YOUR INSTRUCTIONS:
Pictures must be kept out of the copy. Every entry is to be duplicated exactly.

RECORDED DATA:
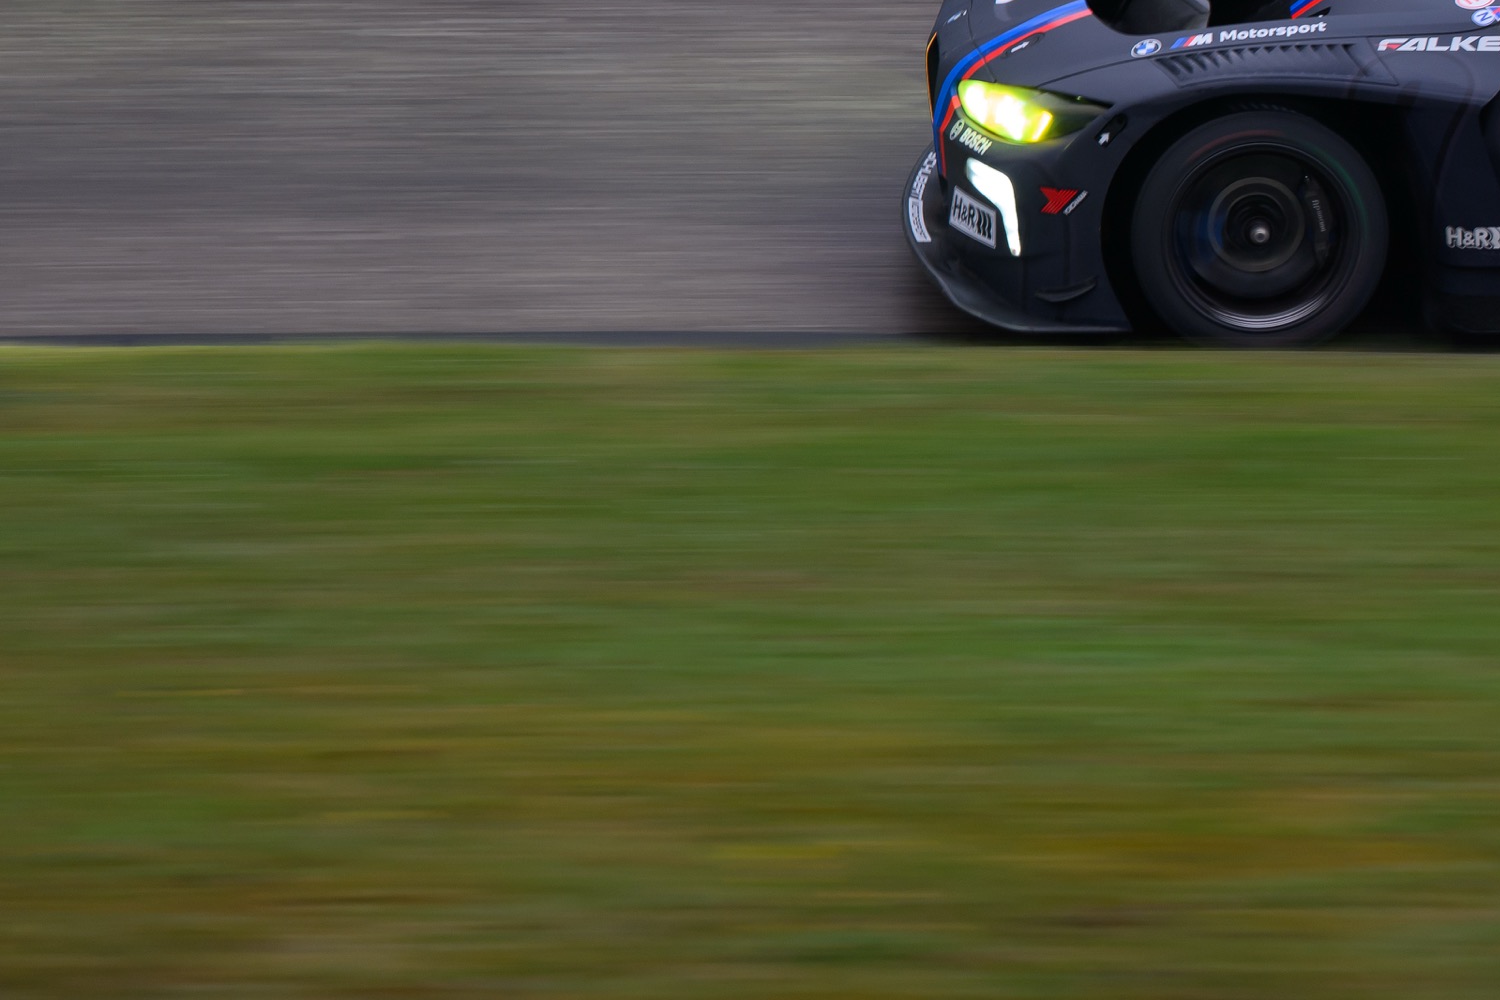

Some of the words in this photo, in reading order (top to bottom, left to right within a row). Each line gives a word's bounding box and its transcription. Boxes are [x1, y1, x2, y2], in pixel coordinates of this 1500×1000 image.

[1477, 11, 1493, 22] N
[1220, 21, 1327, 43] Motorsport
[958, 127, 993, 156] BOSCH
[1445, 226, 1493, 250] H&R

EXERCISE ANSWER:
Some of the words in this photo, in reading order (top to bottom, left to right within a row). Each line gives a word's bounding box and its transcription. Boxes are [x1, y1, x2, y2], in pixel coordinates of this 1500×1000 image.

[1477, 11, 1493, 22] N
[1220, 21, 1327, 43] Motorsport
[958, 127, 993, 156] BOSCH
[1445, 226, 1493, 250] H&R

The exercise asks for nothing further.